Domination and Weakness
A few men break some of the rules, some break all of them. Depending where I am weak I see that I am alternately drawn back to these rule breakers, and particularly the ones who approach me with such certainty that it becomes too easy to relinquish, to hand over to them. To relax in their usually brooding confidence. Finally, I won't have to decide, or resolve, or make better. It is a position that I find equally soothing and terrifying.
These men are also sometimes in my angsty man stable (see previous post) but I have put them there. It appears I also don't release them. Often they poke me, nuzzle questioningly, But sometimes, when I'm really low, I poke them. I have pondered why I do this, I have tried deleting them and closing off to them when I'm in a good place, but there are days where everything feels not right. On those days, I want those men, the ones that will tell me how to make it right.

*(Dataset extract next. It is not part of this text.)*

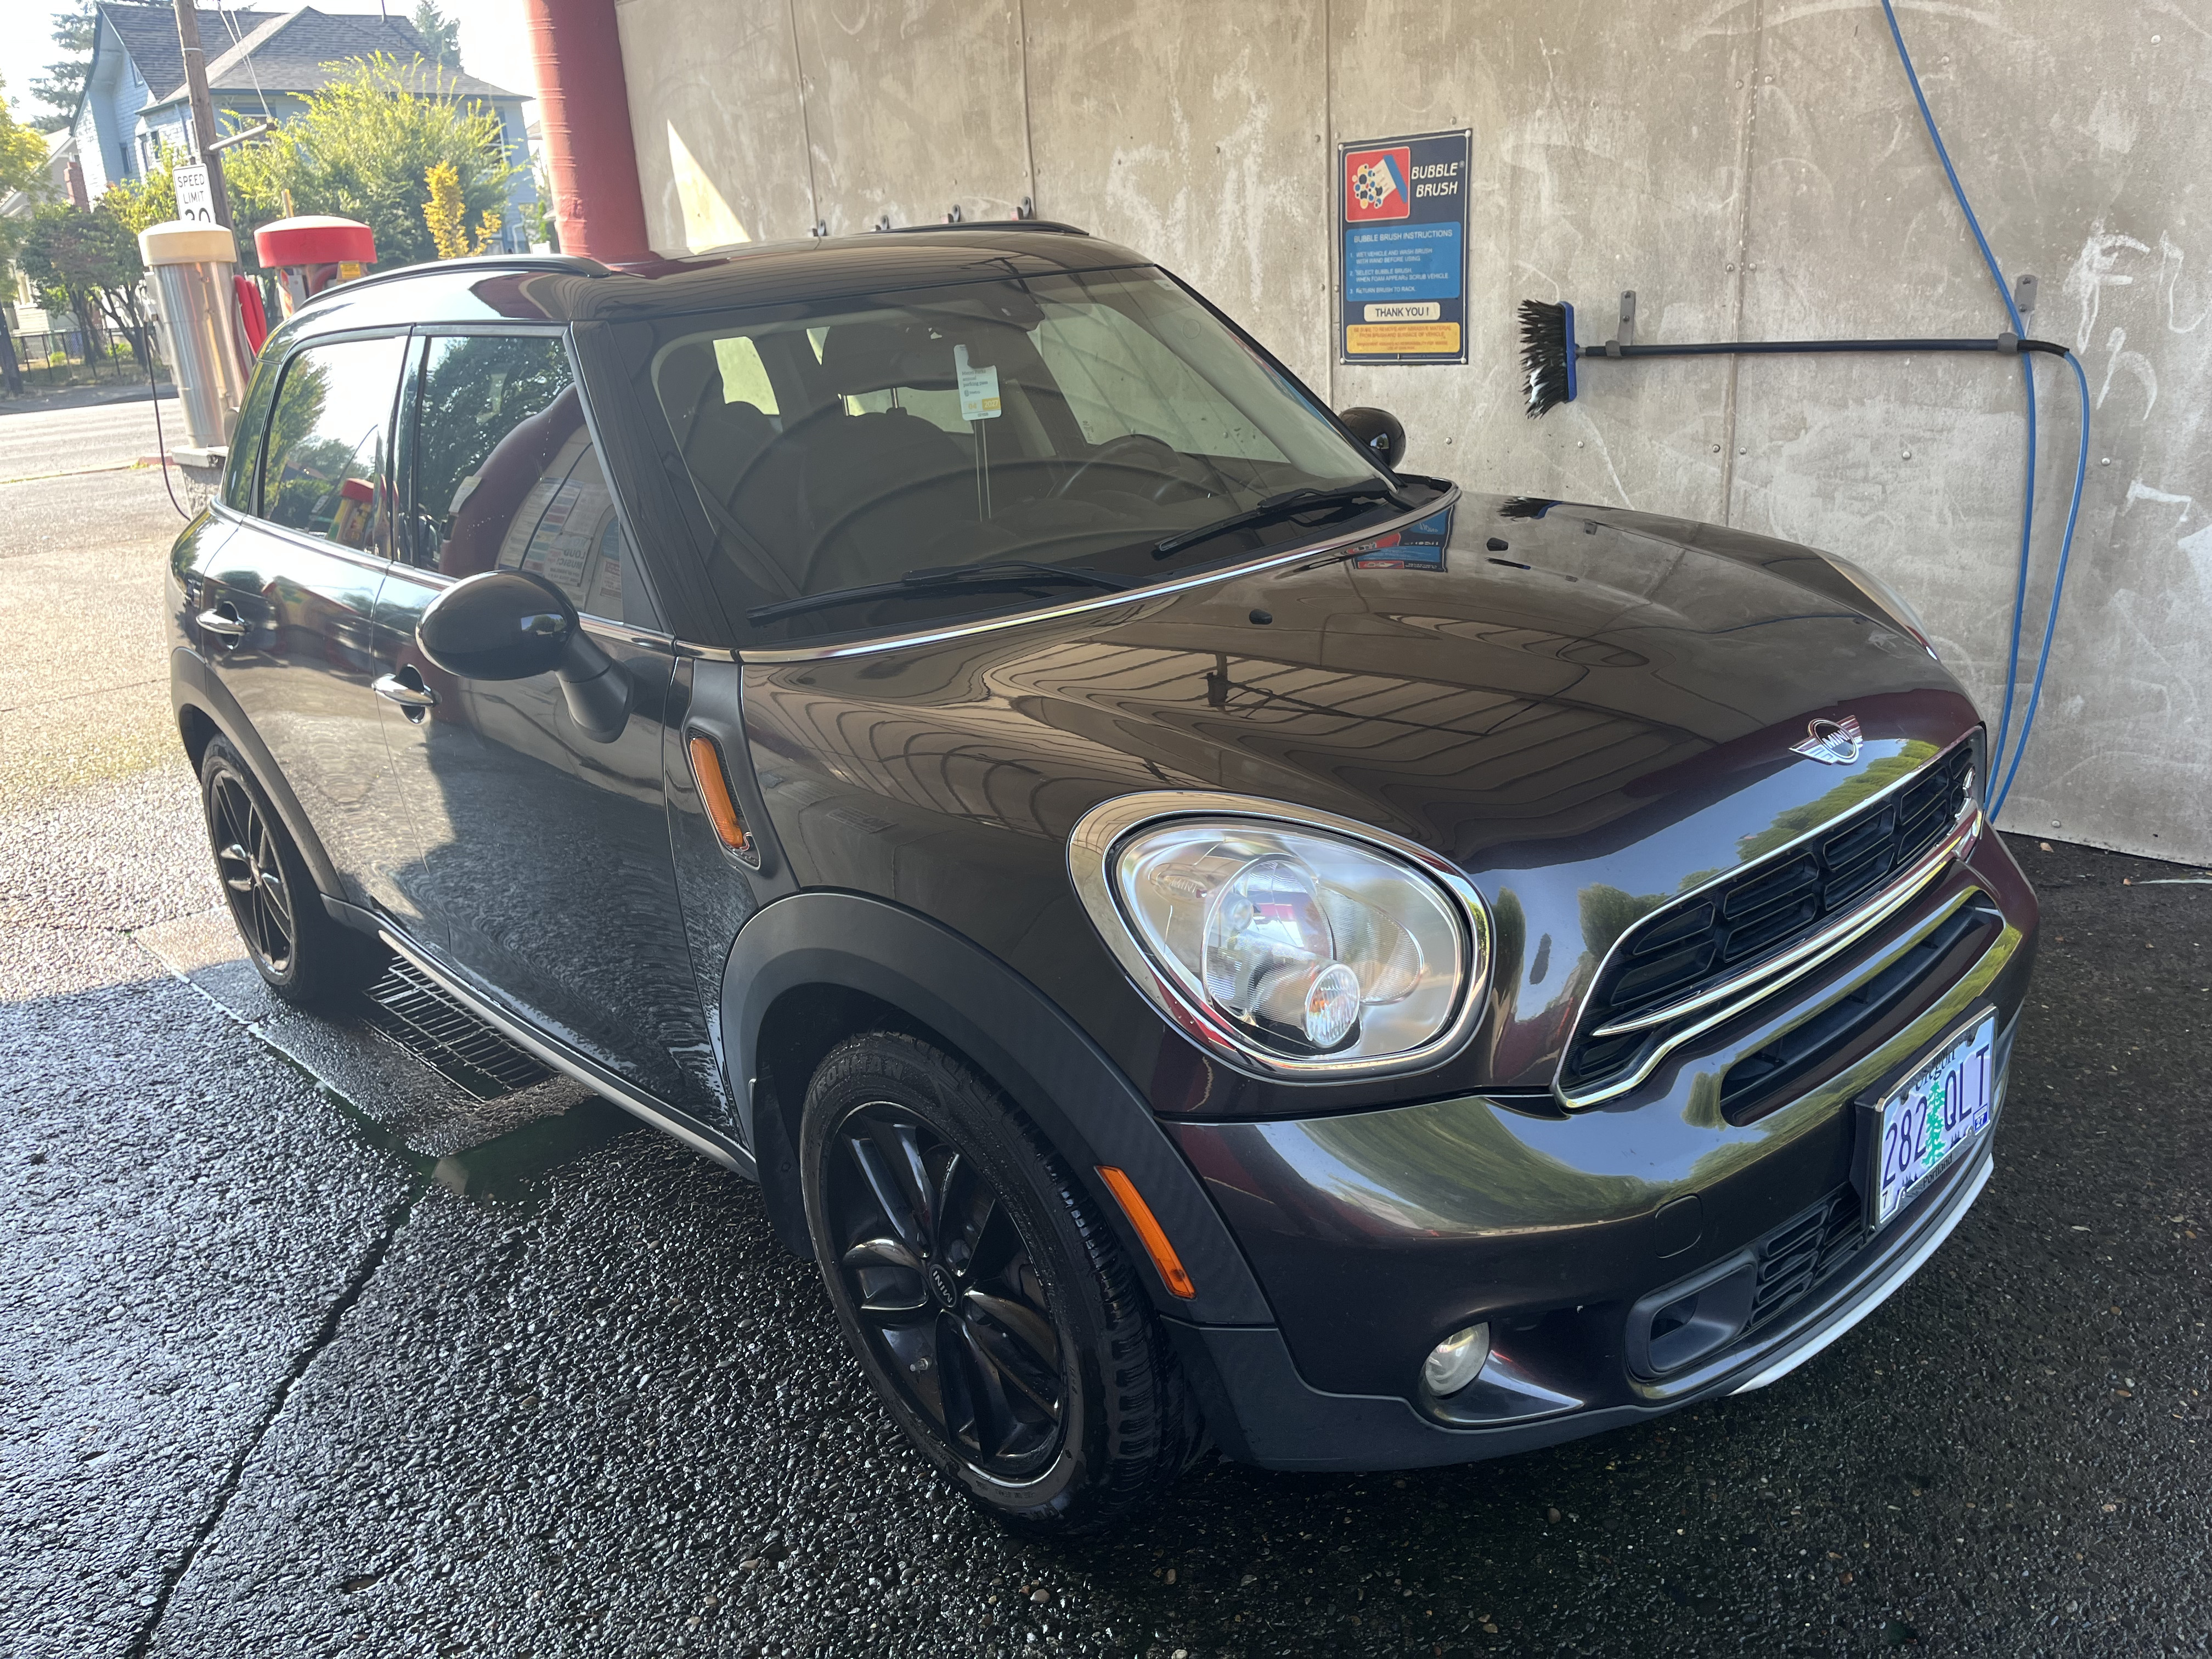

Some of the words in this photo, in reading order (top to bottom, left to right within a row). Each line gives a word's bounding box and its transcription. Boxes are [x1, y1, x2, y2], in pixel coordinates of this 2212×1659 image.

I know what I want when this happens. He also knows what I want. I want him to pull my hair and tell me he has missed my throaty voice and my sexy ass, I want him to tell me what he will do to me. I want that. I want to be drunk on his wanting and steadfastness. I am in awe of his certitude.

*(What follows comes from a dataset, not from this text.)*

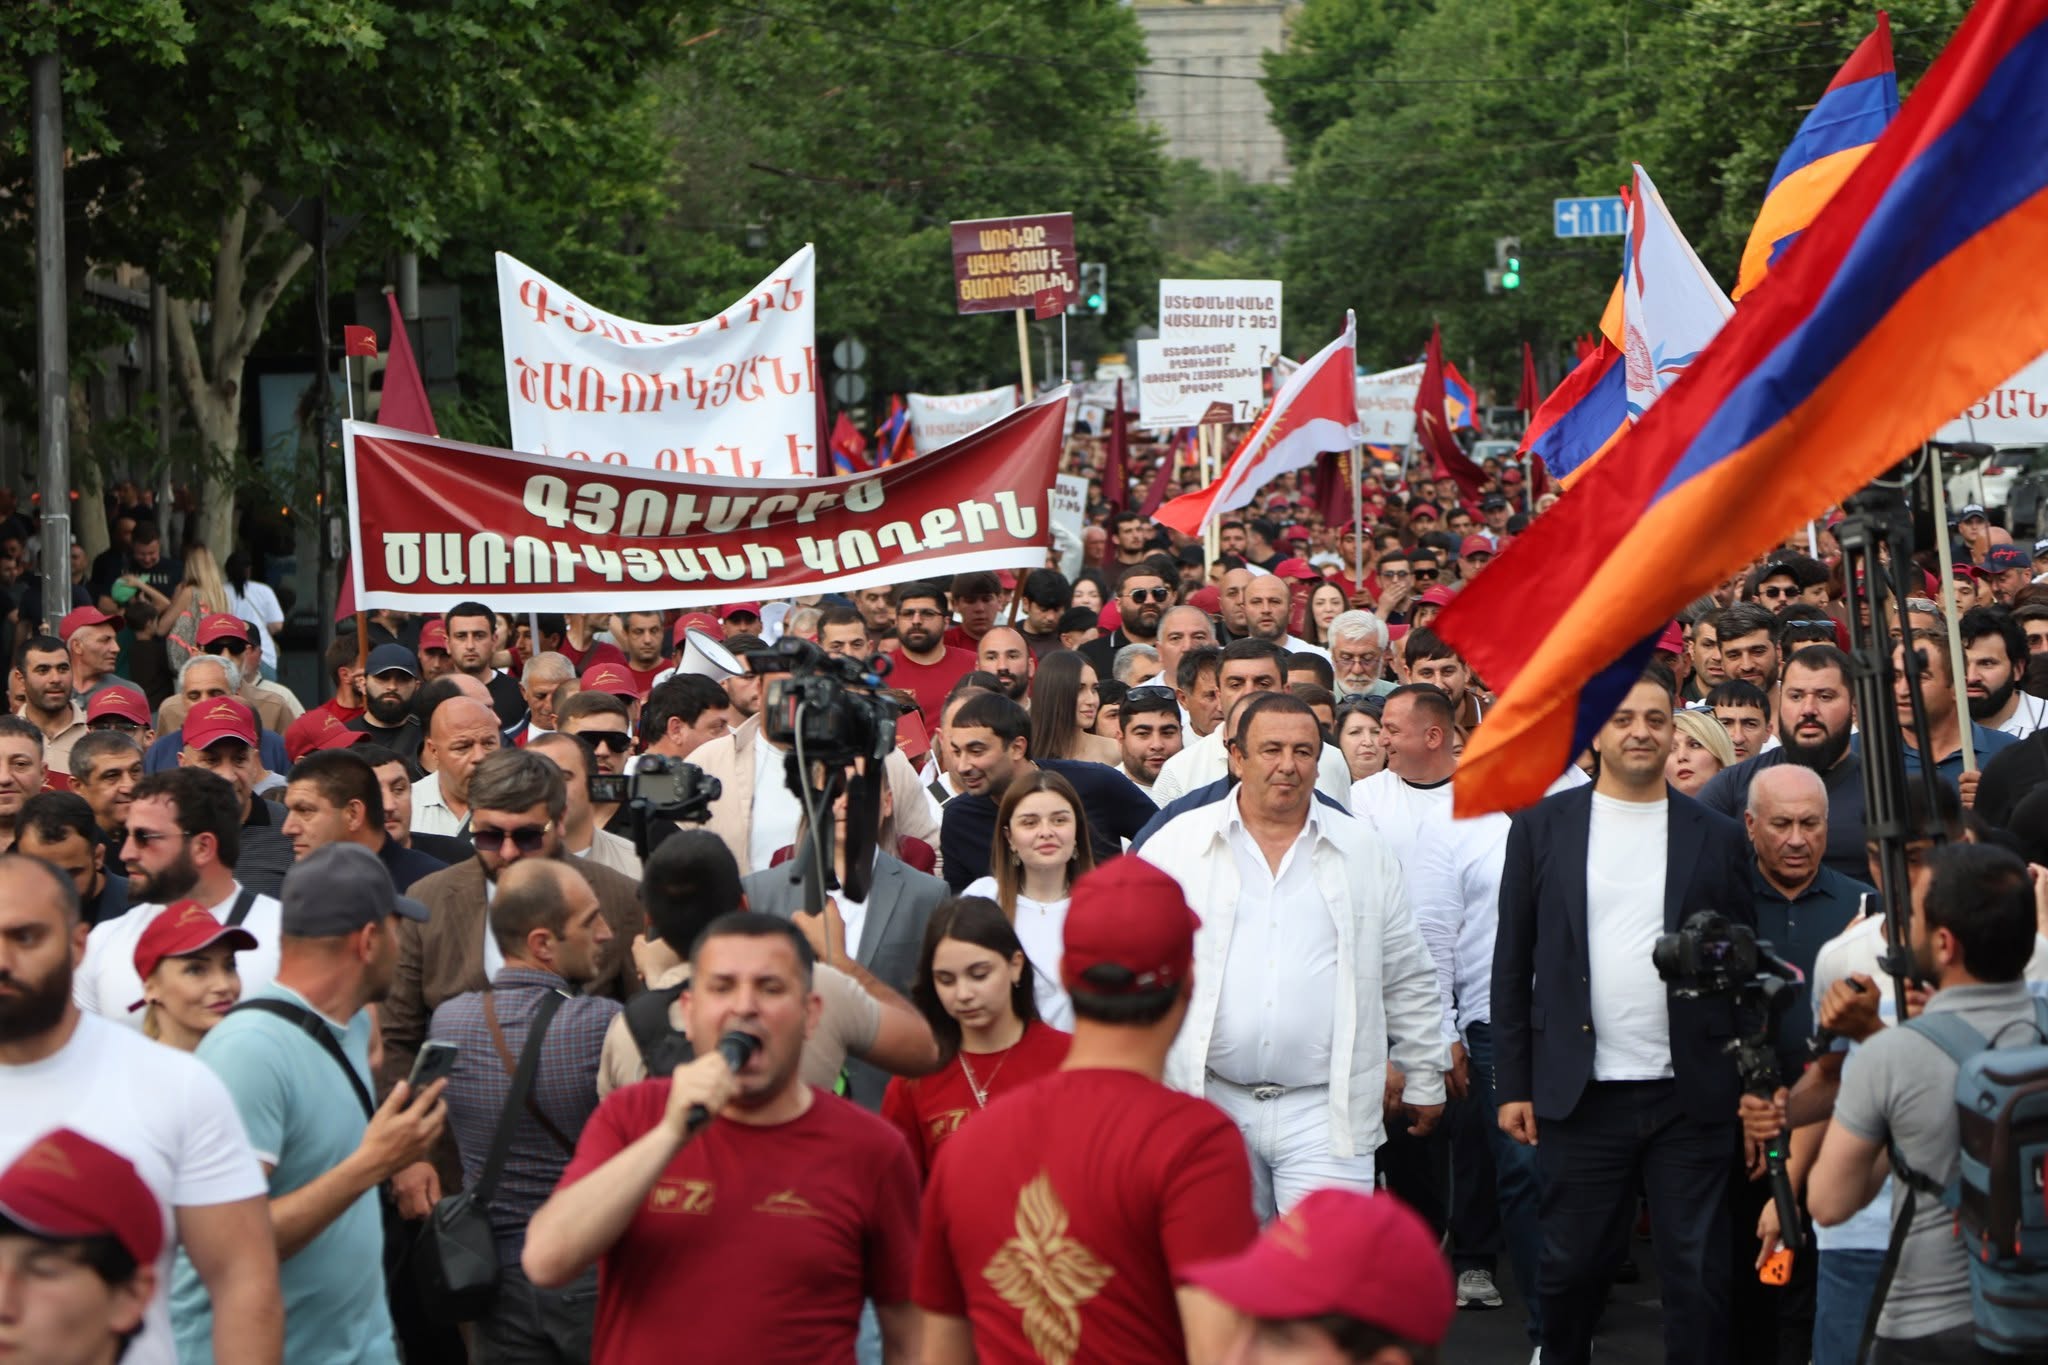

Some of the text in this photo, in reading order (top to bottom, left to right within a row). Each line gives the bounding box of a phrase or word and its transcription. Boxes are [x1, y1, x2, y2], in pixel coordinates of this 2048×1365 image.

[1051, 248, 1064, 270] Է
[1237, 315, 1246, 328] Է
[784, 433, 815, 477] Է
[382, 491, 1038, 586] ԾԱՌՈՒԿՅԱՆԻ ԿՈՂՔԻՆ

It seems the lower I am, the more I want that. The harder it is to follow my own rules. What is it I wonder that makes me want this thing? I know what will happen. It is the same every time. I will awake from this stupor when I have rebalanced or he has pushed a boundary I am not ready to let go, and I will have to coax him back down, back to the stable.
But. In this moment. There is his voice. And I don't have to hear my own. And I feel the bliss of letting go a little.